**Work request:** If an entry holds a picture, leave the picture out and copy the rest of the listing exactly.
--- START ---
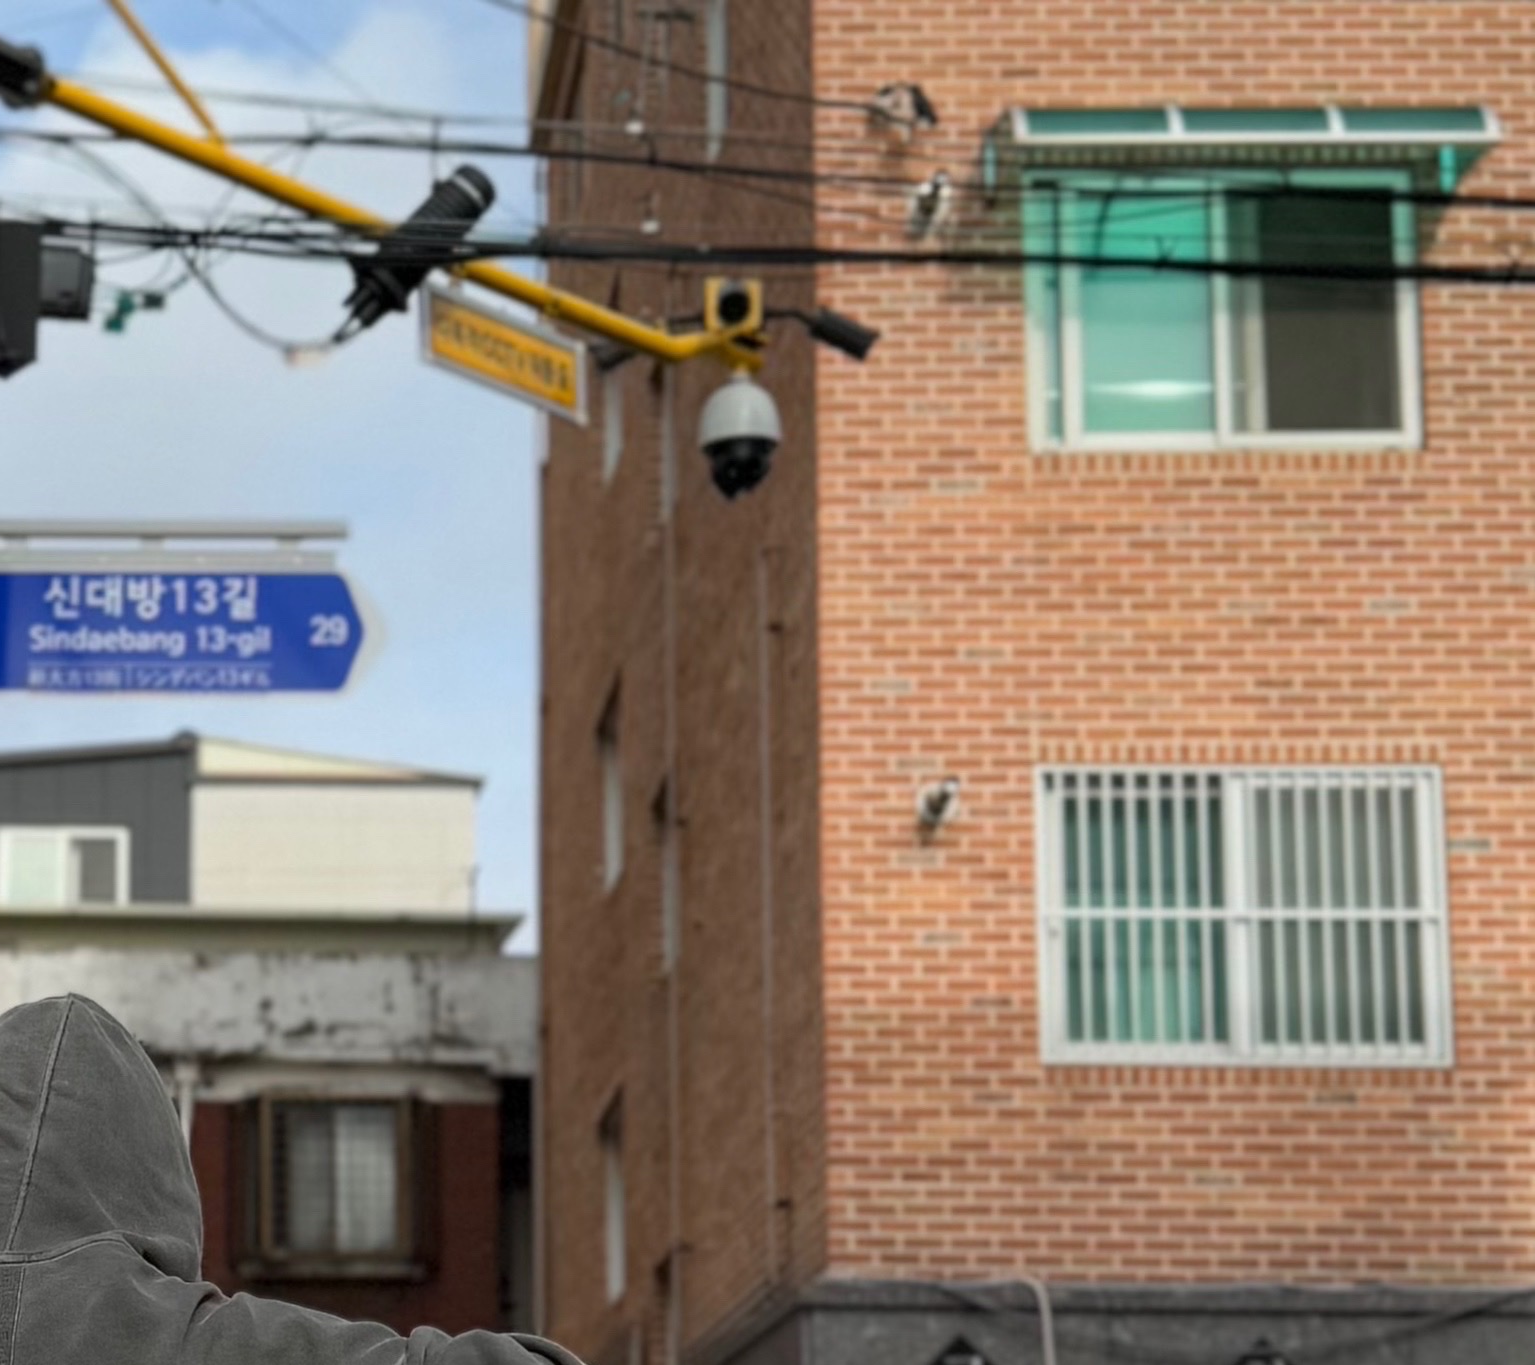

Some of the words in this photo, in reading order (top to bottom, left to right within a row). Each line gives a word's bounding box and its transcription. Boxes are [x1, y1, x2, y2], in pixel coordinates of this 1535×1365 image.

[44, 575, 258, 621] 신대방13길
[29, 624, 187, 657] Sindaebang
[196, 625, 272, 657] 13-gil
[309, 615, 349, 647] 29
--- END ---
**Output of the task:**
Some of the words in this photo, in reading order (top to bottom, left to right within a row). Each line gives a word's bounding box and its transcription. Boxes are [x1, y1, x2, y2], in pixel coordinates of this 1535×1365 image.

[44, 575, 258, 621] 신대방13길
[29, 624, 187, 657] Sindaebang
[196, 625, 272, 657] 13-gil
[309, 615, 349, 647] 29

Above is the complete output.